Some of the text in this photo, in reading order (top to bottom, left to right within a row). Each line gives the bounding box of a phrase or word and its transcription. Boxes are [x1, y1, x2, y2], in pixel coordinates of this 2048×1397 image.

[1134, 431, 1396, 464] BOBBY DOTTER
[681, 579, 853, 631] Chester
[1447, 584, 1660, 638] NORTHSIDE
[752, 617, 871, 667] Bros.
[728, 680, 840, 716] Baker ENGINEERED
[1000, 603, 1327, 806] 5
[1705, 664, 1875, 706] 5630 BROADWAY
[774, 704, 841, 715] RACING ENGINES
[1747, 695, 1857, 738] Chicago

== == ==

# Task
Word for word, copy out all the data given above.

# Result
Some of the text in this photo, in reading order (top to bottom, left to right within a row). Each line gives the bounding box of a phrase or word and its transcription. Boxes are [x1, y1, x2, y2], in pixel coordinates of this 2048×1397 image.

[1134, 431, 1396, 464] BOBBY DOTTER
[681, 579, 853, 631] Chester
[1447, 584, 1660, 638] NORTHSIDE
[752, 617, 871, 667] Bros.
[728, 680, 840, 716] Baker ENGINEERED
[1000, 603, 1327, 806] 5
[1705, 664, 1875, 706] 5630 BROADWAY
[774, 704, 841, 715] RACING ENGINES
[1747, 695, 1857, 738] Chicago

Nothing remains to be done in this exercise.